Il y a une orthopraxie [le fait de suivre les préceptes d’une religion] croissante chez les jeunes catholiques, juifs et musulmans. Car ils ont envie d’avoir des repères. Ce qui semble donner raison à la fameuse phrase de Malraux : « Le XXIe siècle sera religieux ou ne sera pas ». Notre vieux modèle républicain va être fortement challengé par les convictions religieuses des jeunes.

Pourquoi remettent-ils en cause le système de représentativité à la française ?
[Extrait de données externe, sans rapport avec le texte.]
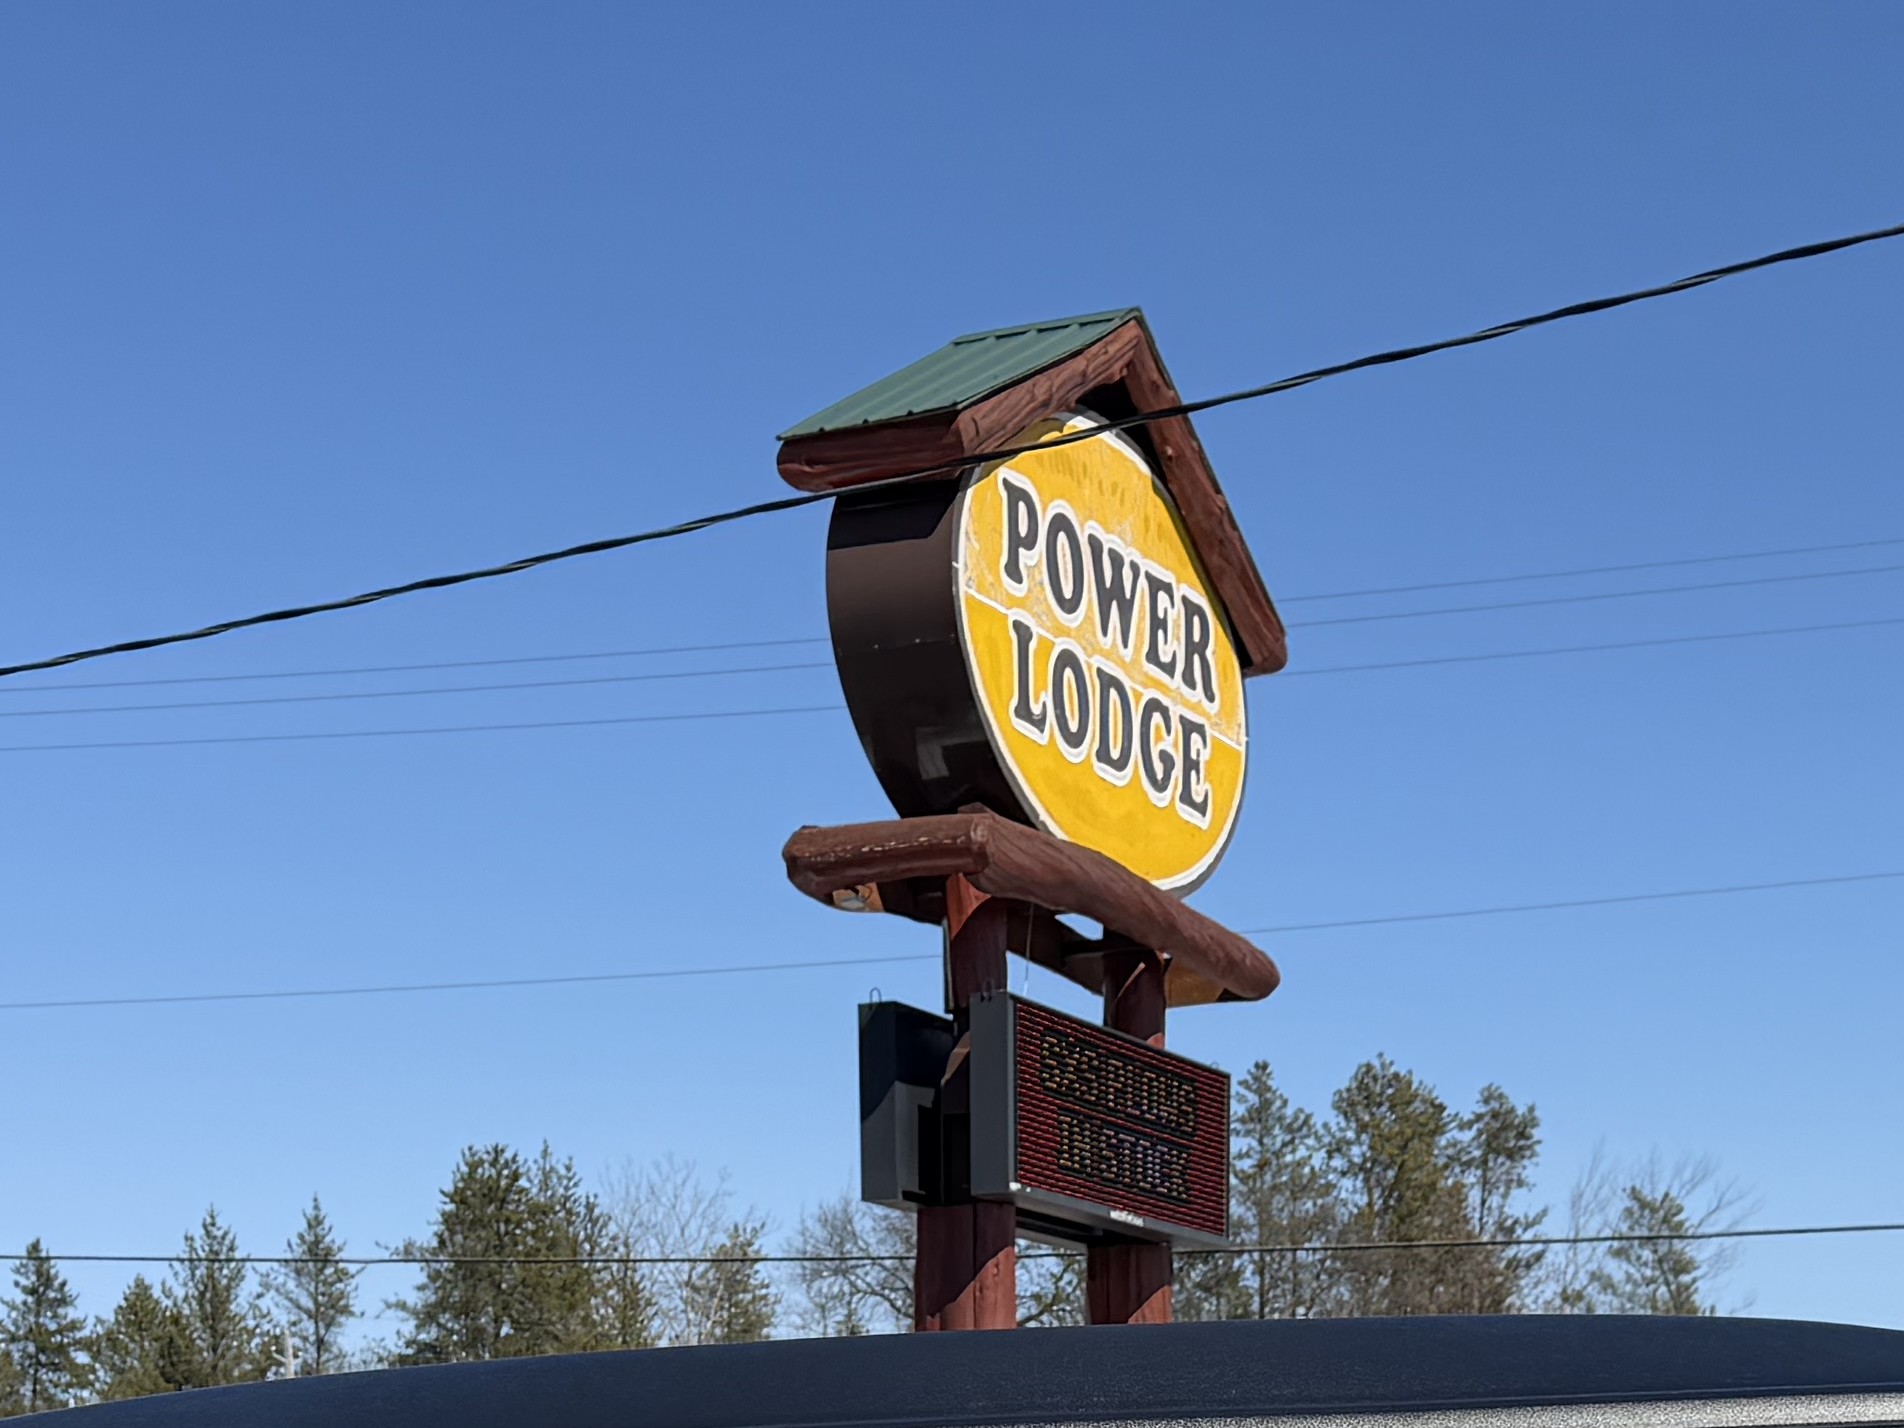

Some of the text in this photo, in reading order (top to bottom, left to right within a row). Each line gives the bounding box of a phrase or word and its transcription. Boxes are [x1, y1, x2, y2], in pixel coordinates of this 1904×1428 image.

[999, 472, 1217, 708] POWER
[1010, 614, 1212, 823] LODGE
[1058, 1115, 1188, 1199] IN STOCK
Ils ont le sentiment que la République tourne à vide. L’Etat est considéré comme incapable d’agir sur le quotidien, sur le dérèglement climatique. Ils sont dans une logique de résultats qui les pousse à s’engager individuellement et à prôner une démocratie participative.

Leur défiance du pouvoir s’est nourrie aussi dans l’impression d’une inefficacité des précédents gouvernements. Que leur reprochent-ils ?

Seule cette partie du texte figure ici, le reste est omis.